– Спорные территории принадлежат нам, – вещал император. – Исторически они наши. Они наши по праву. И мы их вернем!
В коллективном сознании толпы соседи из торговых партнеров и союзников внезапно превратились в горстку цыган-воришек, которых было необходимо стереть с лица земли.
Марша́л улыбнулся и посмотрел на стоящих рядом с ним генералов, маршалов, адмиралов воздушного флота и коммодоров крохотного флота в Галлакском море. Все они зачарованно и восторженно слушали монарха. В воздухе вполне ощутимо пахло войной.
Тут граф заметил Карштеца, стоящего возле портьеры, – все внимание лейтенанта было приковано совершенно не к тому объекту. Кабал испарился. Марша́л похолодел. Так значит Кабалу удалось бежать? Граф вспомнил мешок кошачьей шерсти и странное чувство юмора Кабала, его ненависть к войне в целом и к планам Марша́ла в частности, и его подозрения усилились.
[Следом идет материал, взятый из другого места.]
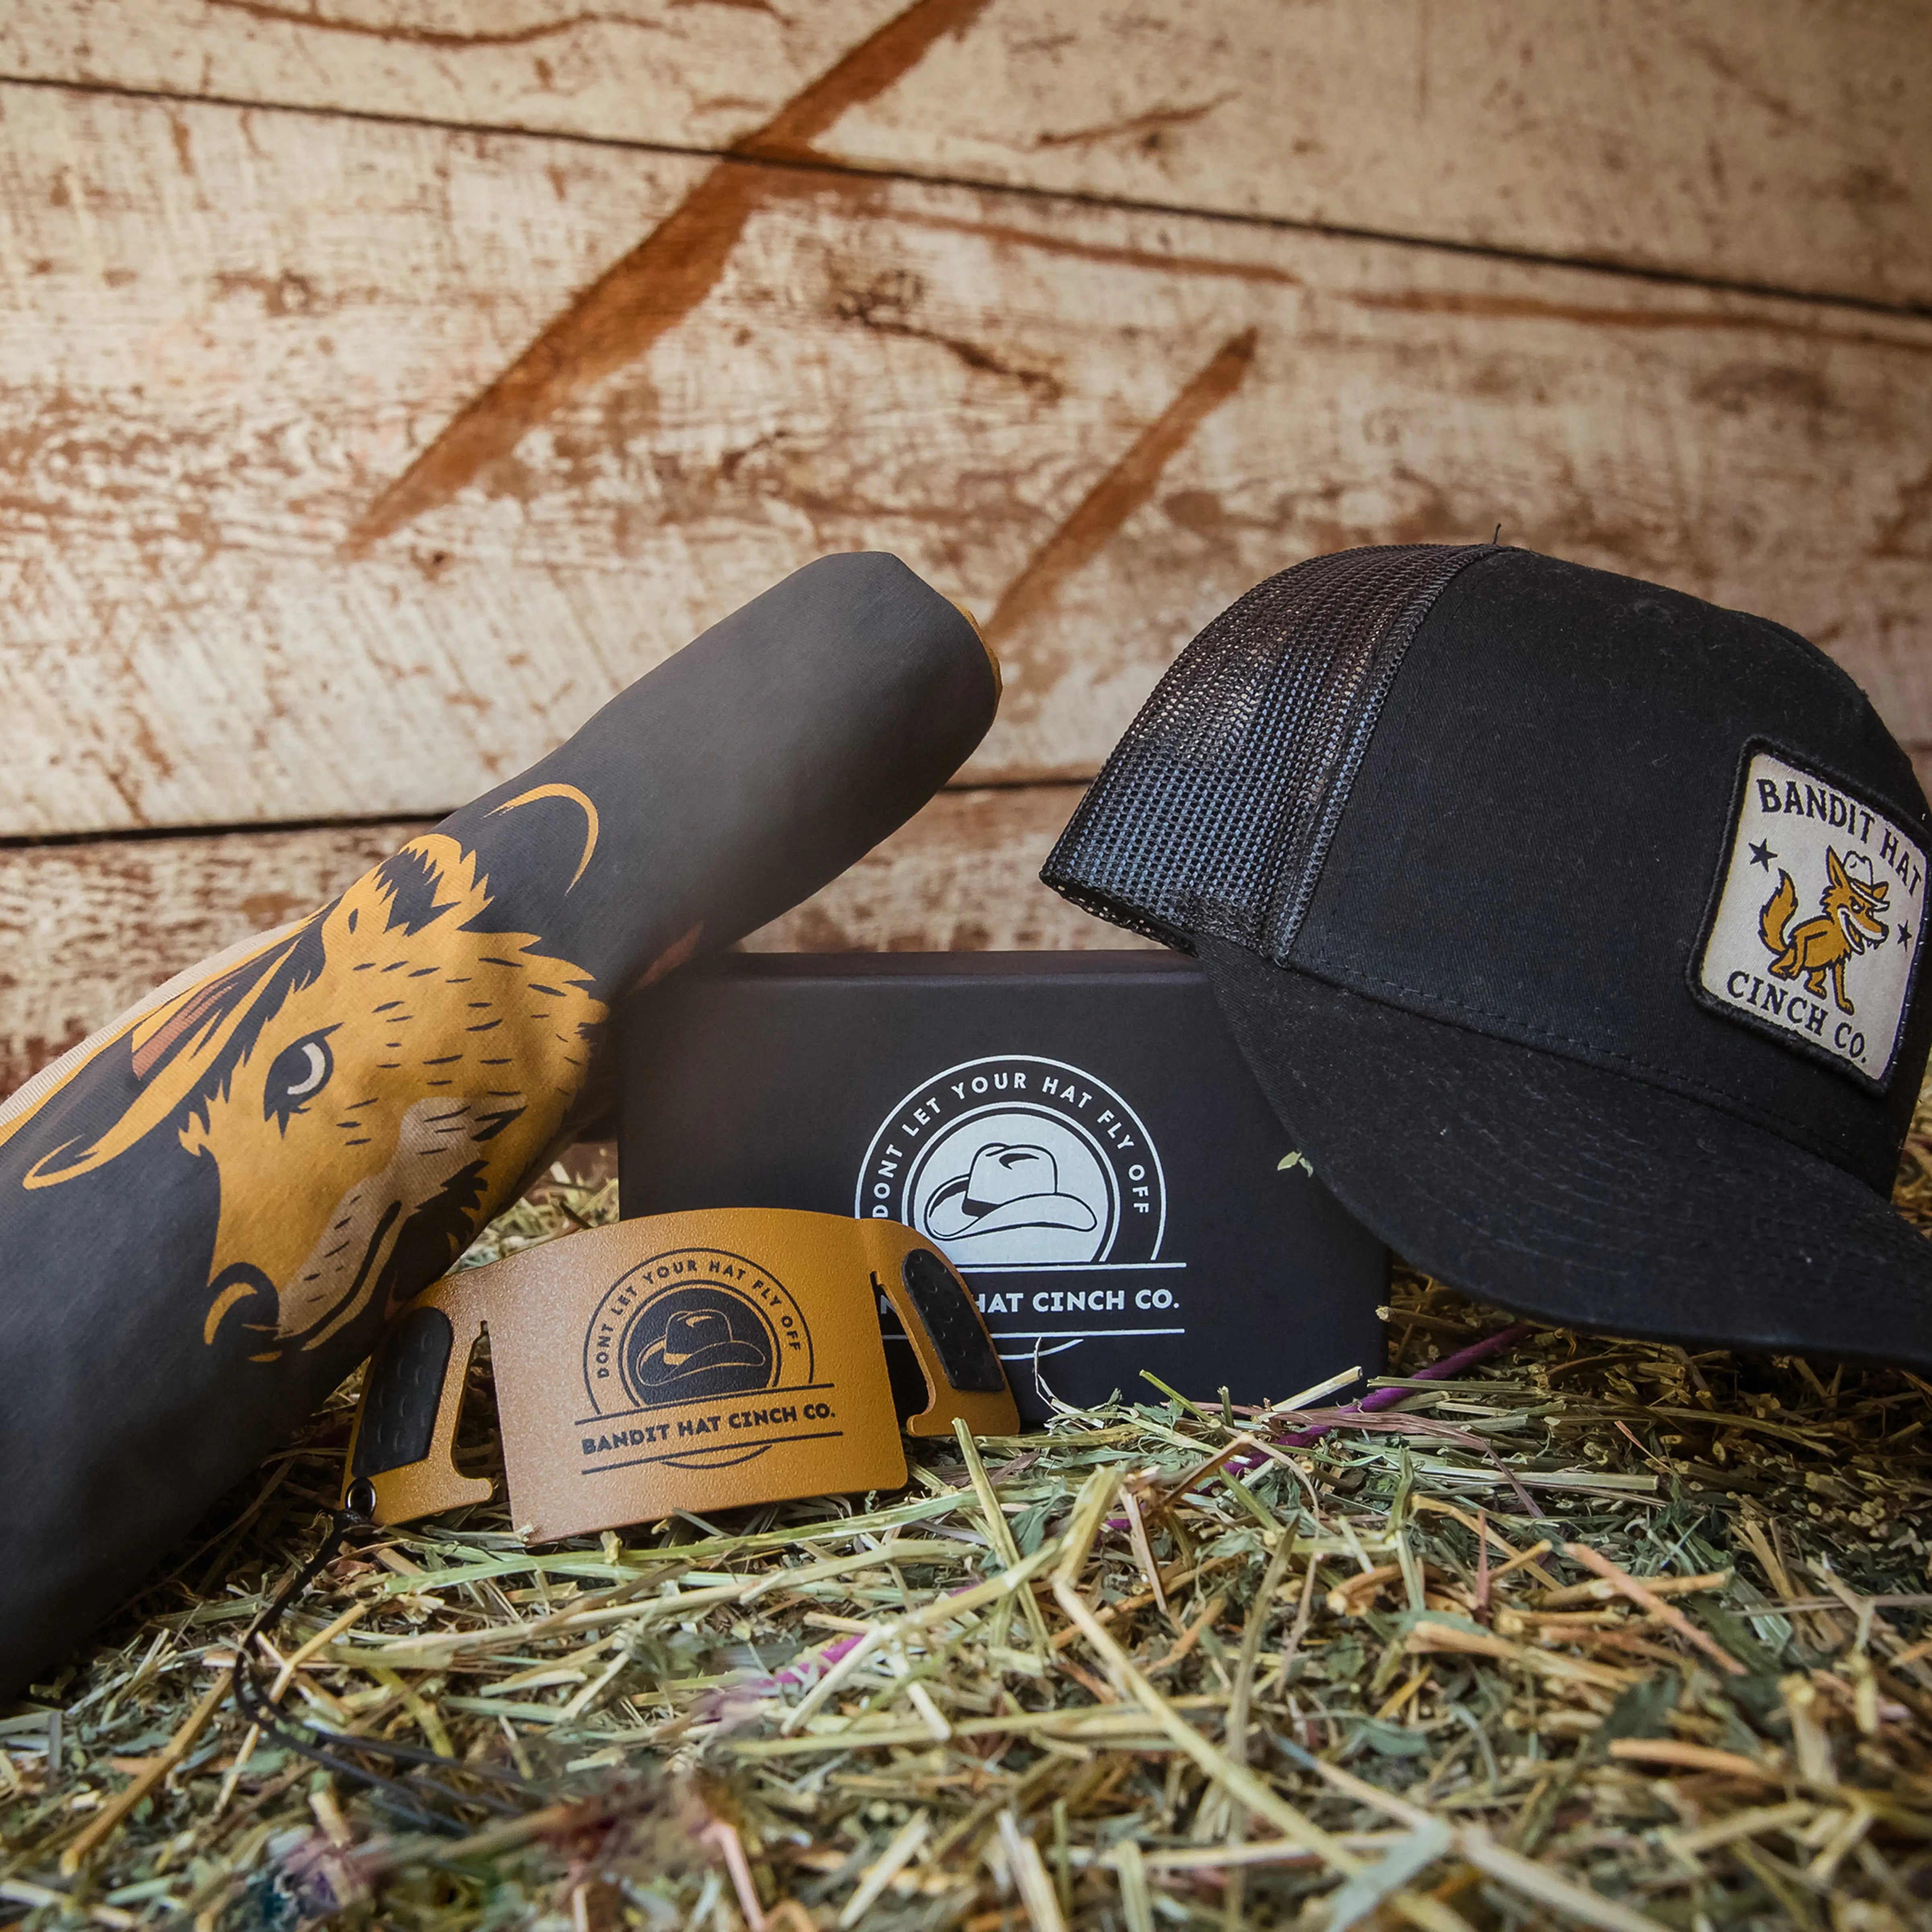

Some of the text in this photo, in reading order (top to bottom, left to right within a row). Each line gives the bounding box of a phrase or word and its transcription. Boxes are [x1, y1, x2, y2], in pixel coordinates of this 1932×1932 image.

[1756, 779, 1922, 896] BANDIT HAT
[1727, 971, 1867, 1063] CINCH CO.
[872, 1073, 1149, 1218] DONT LET YOUR HAT FLY OFF
[596, 1260, 800, 1378] DONT LET YOUR HAT FLY OFF
[1032, 1291, 1124, 1312] CINCH
[1135, 1289, 1179, 1309] CO.
[582, 1403, 835, 1455] BANDIT HAT CINCH CO.
Он попытался привлечь внимание лейтенанта так, чтобы этого не заметила толпа, но тот никак не реагировал. Не чувствовал на себе пристального взгляда, не видел, как Марша́л резко мотает головой, не слышал щелчков пальцами. Его слух целиком и полностью был обращен на императора.
– Не заблуждайтесь, – продолжал Антробус, – все эти якобы друзья обманчивы как погода, они строят козни за нашими спинами, они – наши враги! – Толпа ликовала. – Наши смертельные враги! – Горожане жаждали крови. – Наша добыча! – Люди на площади взревели во всю глотку, издав клич ярости. Но крик стал тише, когда толпа запоздало осознала, что сказал император.
Марша́л полностью переключил свое внимание с Карштеца на Антробуса. Добыча? Он такого не писал.
– Мы откроем на них охоту! Убьем их! Съедим! – страстно вопил Антробус. – Они мясо для нас! Мы зубами сорвем плоть с их костей и сожрем их!
Марша́л с ужасом осознал, что на губах монарха пузырится темная слюна и стекает по подбородку. Люди на площади подозрительно косились на сосиски в своих руках.
– Ach, du lieber Gott[5], – прошептал он. Затем рявкнул Карштецу: – Лейтенант! Держите его!
– Что? – Каршец обернулся, словно вынырнул из транса. – Что? Кого?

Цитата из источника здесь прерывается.